**The problem:**
Since the copy must hold text only, transcribe the data below exactly and omit the images.

**Information given:**
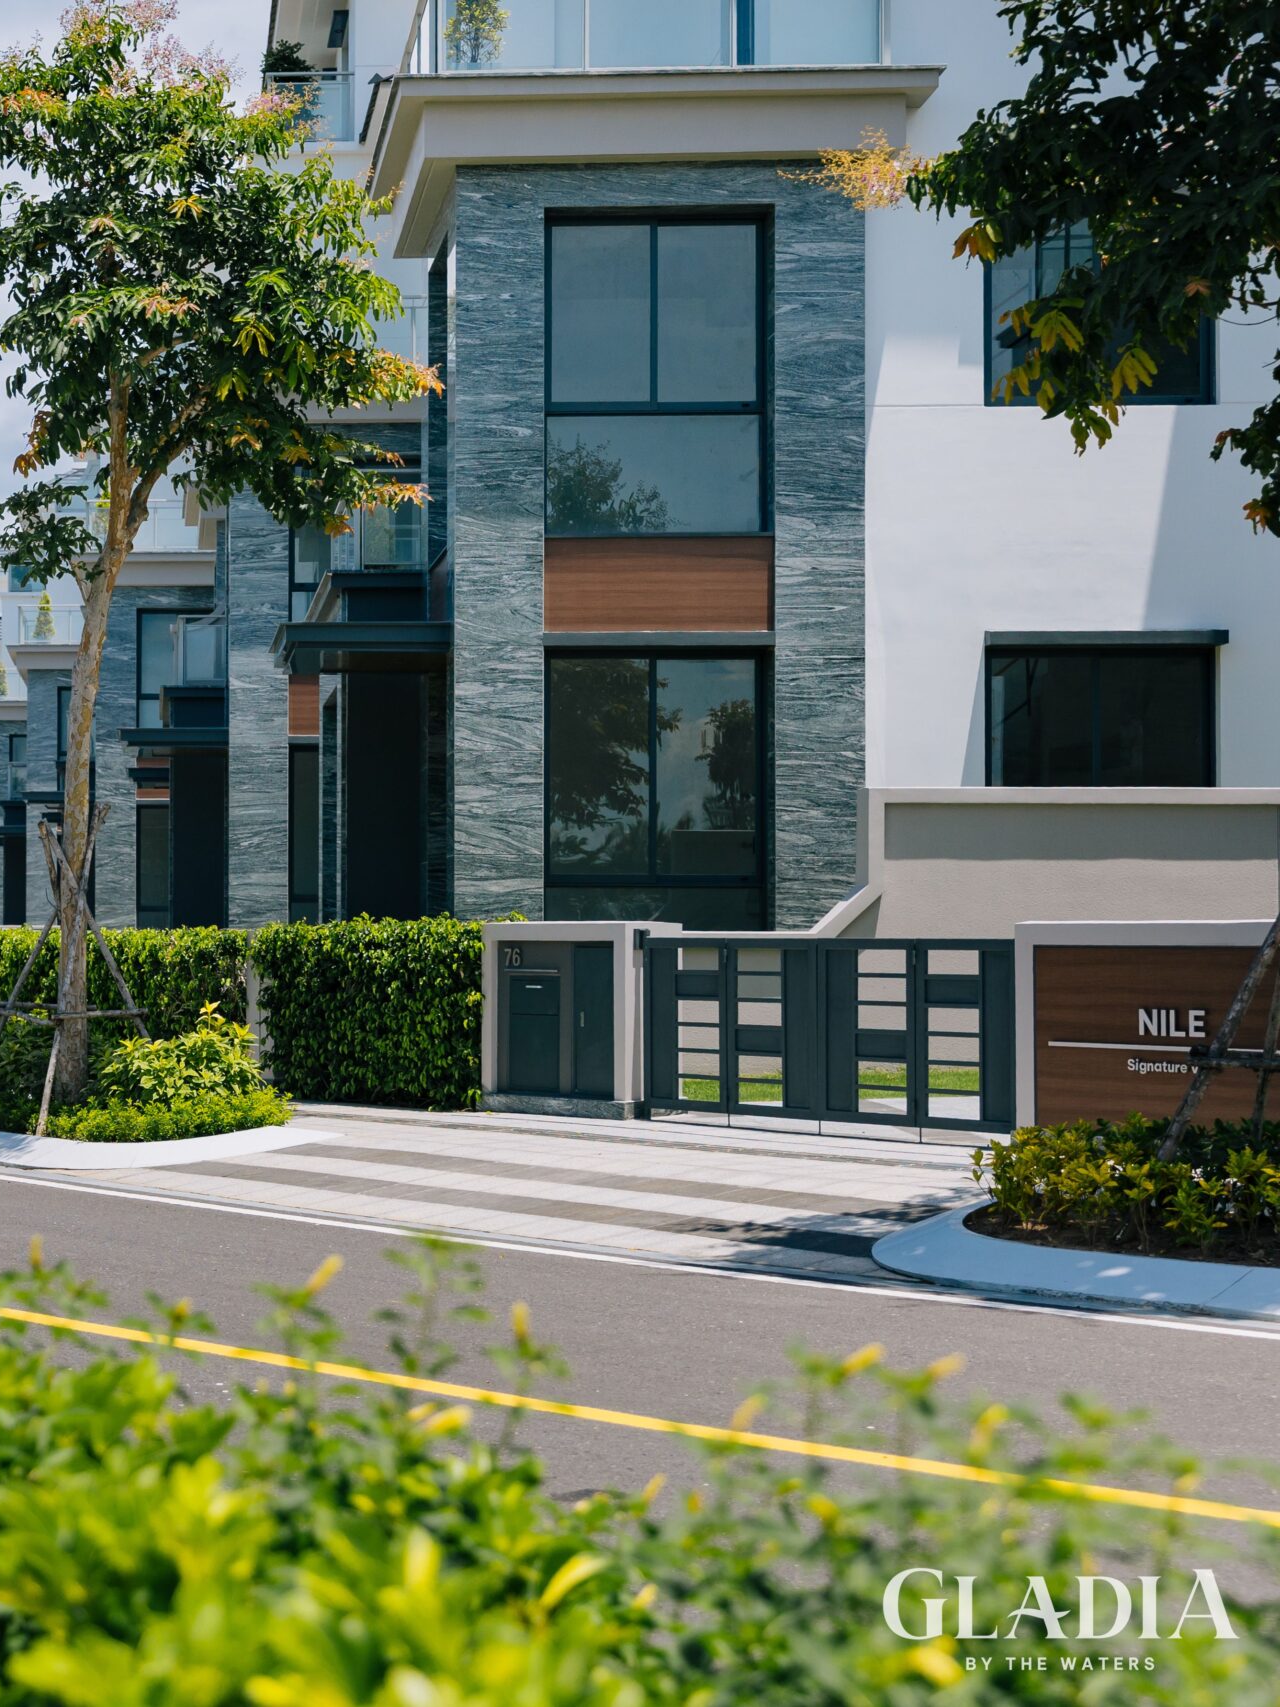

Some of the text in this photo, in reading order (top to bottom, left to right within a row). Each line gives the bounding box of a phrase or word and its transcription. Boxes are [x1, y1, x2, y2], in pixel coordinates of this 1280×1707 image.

[503, 948, 521, 967] 76
[1138, 1008, 1206, 1038] NILE
[1127, 1058, 1188, 1075] Signature
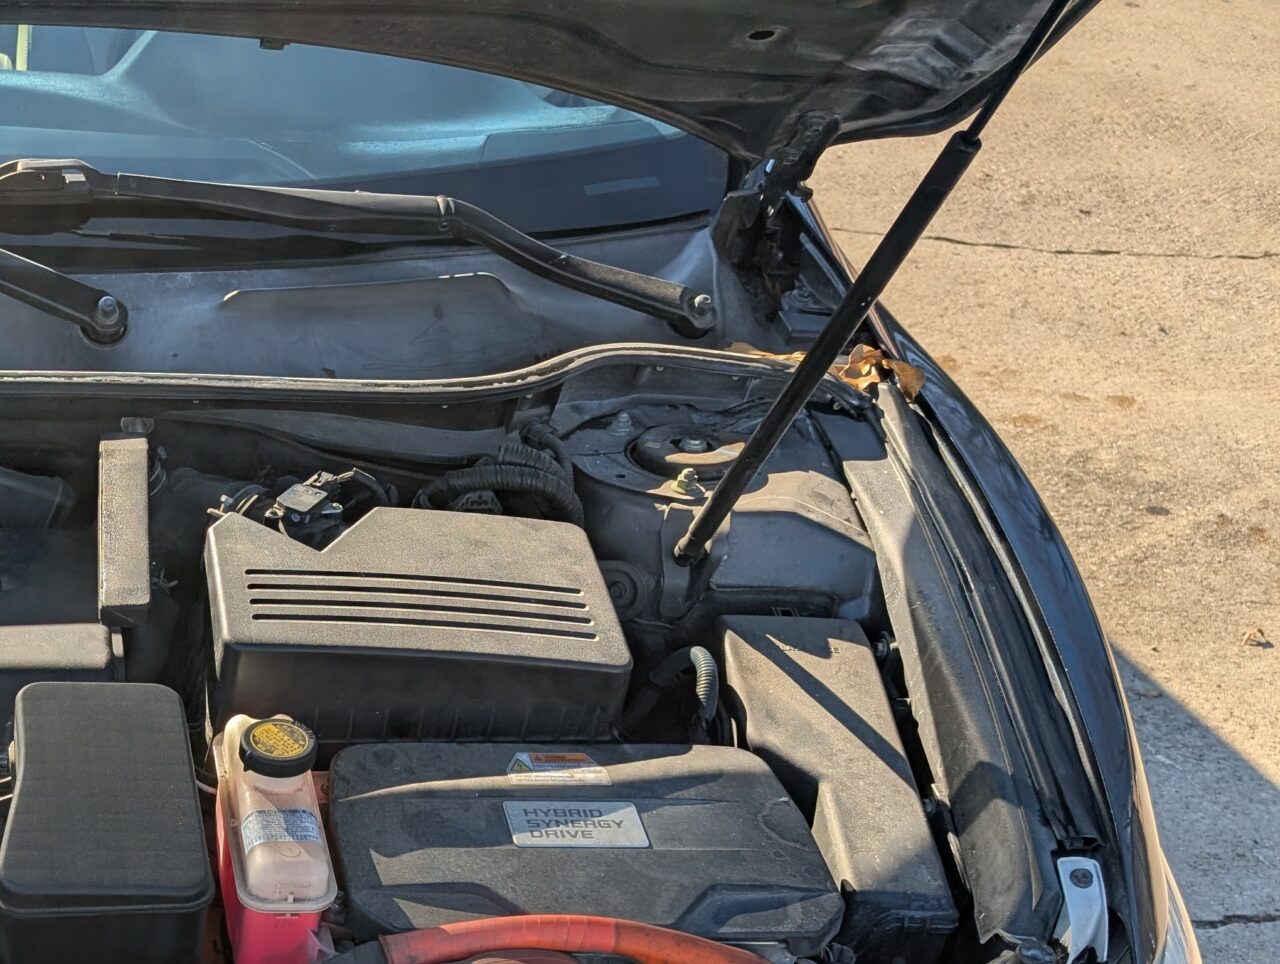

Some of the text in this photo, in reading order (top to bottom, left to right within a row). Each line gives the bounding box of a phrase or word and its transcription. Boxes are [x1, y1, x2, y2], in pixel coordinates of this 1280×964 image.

[523, 808, 603, 818] HYBRID
[527, 819, 624, 829] SYNERGY
[530, 830, 594, 839] DRIVE
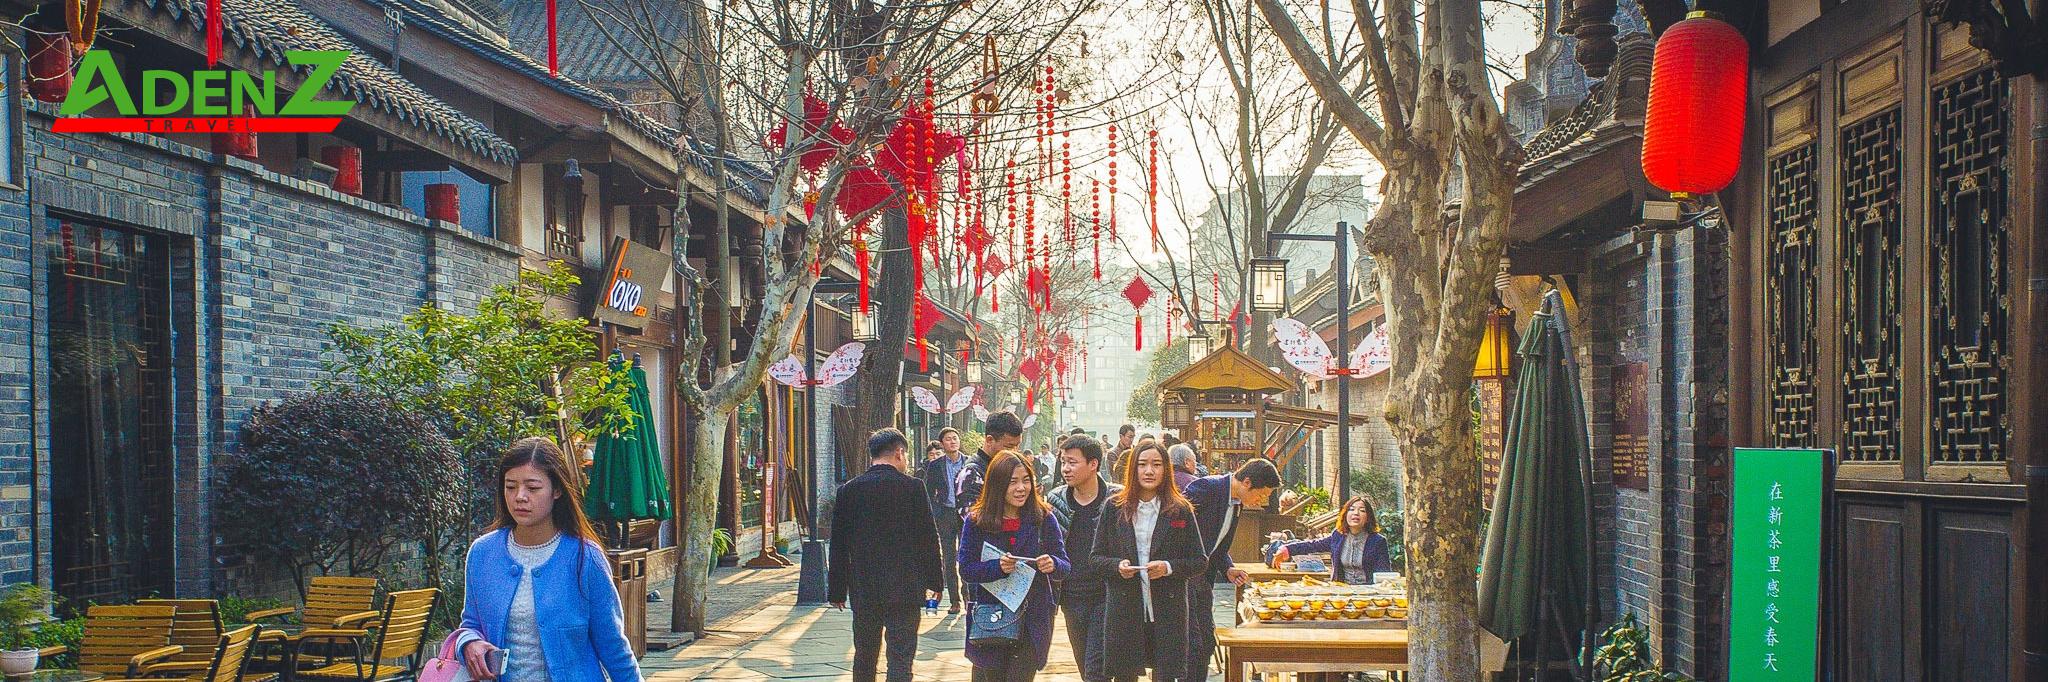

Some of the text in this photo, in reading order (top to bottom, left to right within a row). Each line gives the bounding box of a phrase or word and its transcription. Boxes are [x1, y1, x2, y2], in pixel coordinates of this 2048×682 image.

[1763, 481, 1784, 672] 在新茶里感受春天
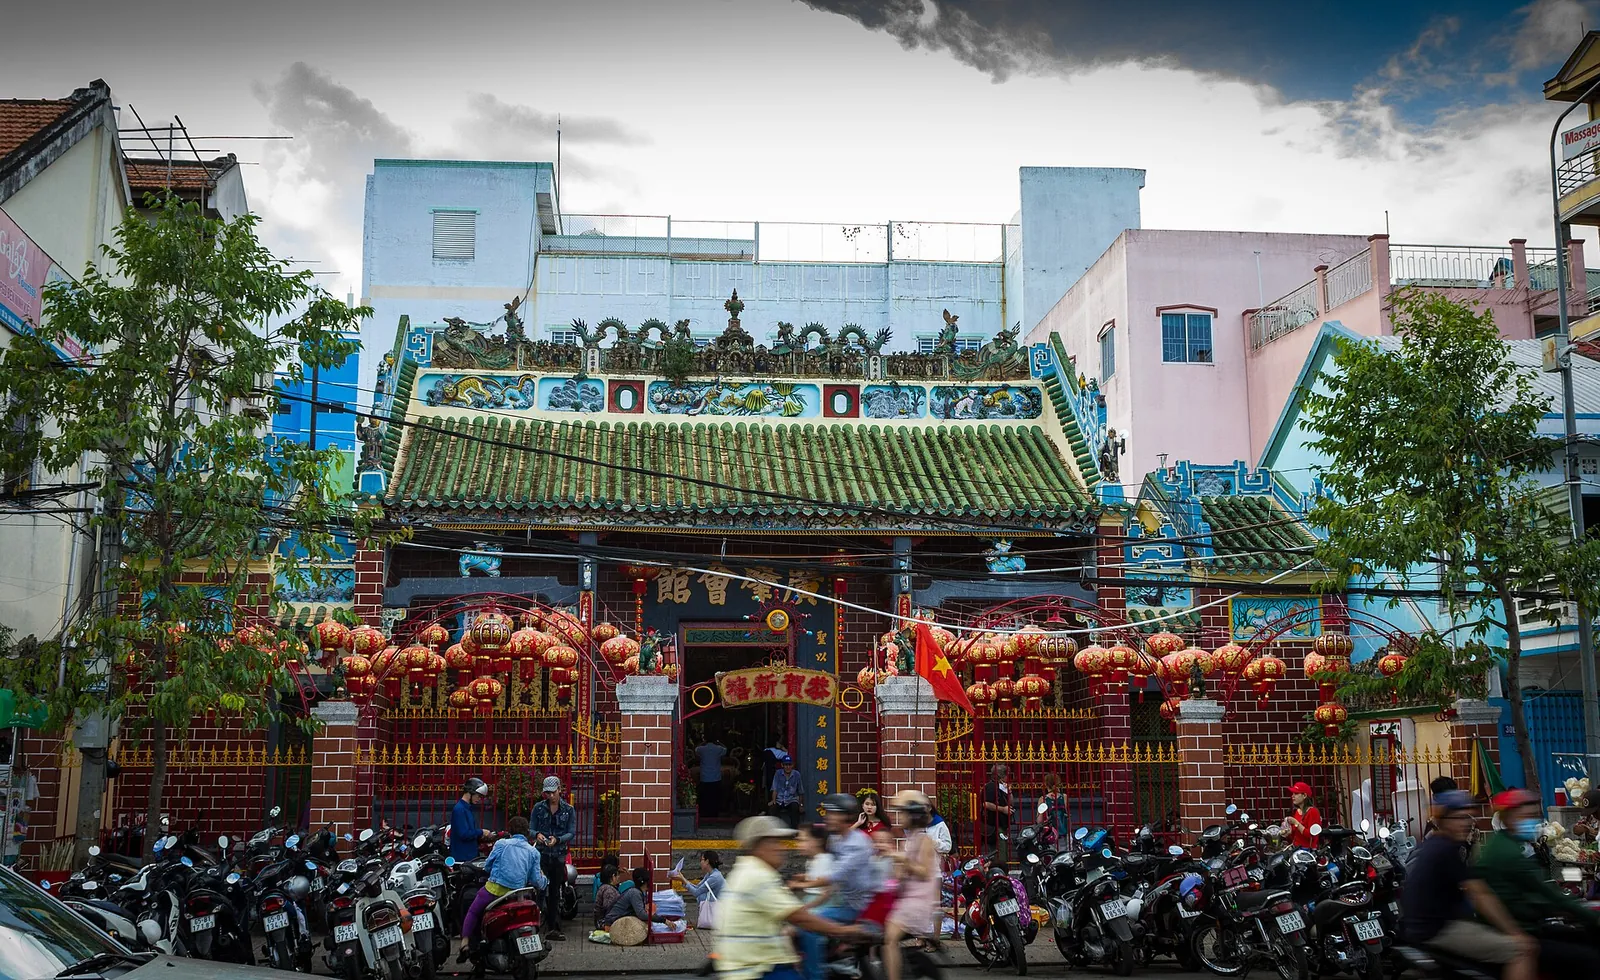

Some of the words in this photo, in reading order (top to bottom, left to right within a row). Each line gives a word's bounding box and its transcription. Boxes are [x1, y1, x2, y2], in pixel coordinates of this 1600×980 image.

[725, 673, 829, 702] 恭賀新禧
[376, 926, 396, 939] 65-F9
[1281, 920, 1303, 932] 333.97
[378, 934, 397, 947] 7847

**Solution for this problem:**
Some of the text in this photo, in reading order (top to bottom, left to right within a row). Each line gives the bounding box of a phrase or word and its transcription. Boxes are [x1, y1, x2, y2], in pixel coordinates of this 1280×1707 image.

[503, 948, 521, 967] 76
[1138, 1008, 1206, 1038] NILE
[1127, 1058, 1188, 1075] Signature

Some of the text in this photo, in reading order (top to bottom, left to right within a row). Each line gives the bounding box of a phrase or word and its transcription. Boxes are [x1, y1, x2, y2], in pixel coordinates of this 1280×964 image.

[523, 808, 603, 818] HYBRID
[527, 819, 624, 829] SYNERGY
[530, 830, 594, 839] DRIVE

Some of the text in this photo, in reading order (top to bottom, left to right within a row). Each line gives the bounding box of a phrase or word and its transcription. Boxes are [x1, y1, x2, y2], in pixel coordinates of this 2048×682 image.

[1763, 481, 1784, 672] 在新茶里感受春天

Some of the words in this photo, in reading order (top to bottom, left to right within a row). Each line gives a word's bounding box and its transcription. Boxes are [x1, y1, x2, y2], in pixel coordinates of this 1600×980 image.

[725, 673, 829, 702] 恭賀新禧
[376, 926, 396, 939] 65-F9
[1281, 920, 1303, 932] 333.97
[378, 934, 397, 947] 7847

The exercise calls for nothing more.